> [Source material]

*** Block opens ***

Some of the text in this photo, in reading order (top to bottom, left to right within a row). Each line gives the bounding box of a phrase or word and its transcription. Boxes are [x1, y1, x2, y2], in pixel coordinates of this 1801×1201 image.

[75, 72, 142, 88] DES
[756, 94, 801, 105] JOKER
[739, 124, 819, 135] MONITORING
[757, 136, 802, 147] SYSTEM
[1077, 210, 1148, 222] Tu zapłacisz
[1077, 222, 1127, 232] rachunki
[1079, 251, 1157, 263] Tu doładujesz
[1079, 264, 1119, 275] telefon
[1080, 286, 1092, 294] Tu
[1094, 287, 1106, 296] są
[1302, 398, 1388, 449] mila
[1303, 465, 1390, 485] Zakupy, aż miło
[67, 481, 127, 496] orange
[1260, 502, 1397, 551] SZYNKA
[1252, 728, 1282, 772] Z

*** Block closes ***

> [Your assignment] Every line of the material should be transcribed without alteration.

> [Completed exercise]
Some of the text in this photo, in reading order (top to bottom, left to right within a row). Each line gives the bounding box of a phrase or word and its transcription. Boxes are [x1, y1, x2, y2], in pixel coordinates of this 1801×1201 image.

[75, 72, 142, 88] DES
[756, 94, 801, 105] JOKER
[739, 124, 819, 135] MONITORING
[757, 136, 802, 147] SYSTEM
[1077, 210, 1148, 222] Tu zapłacisz
[1077, 222, 1127, 232] rachunki
[1079, 251, 1157, 263] Tu doładujesz
[1079, 264, 1119, 275] telefon
[1080, 286, 1092, 294] Tu
[1094, 287, 1106, 296] są
[1302, 398, 1388, 449] mila
[1303, 465, 1390, 485] Zakupy, aż miło
[67, 481, 127, 496] orange
[1260, 502, 1397, 551] SZYNKA
[1252, 728, 1282, 772] Z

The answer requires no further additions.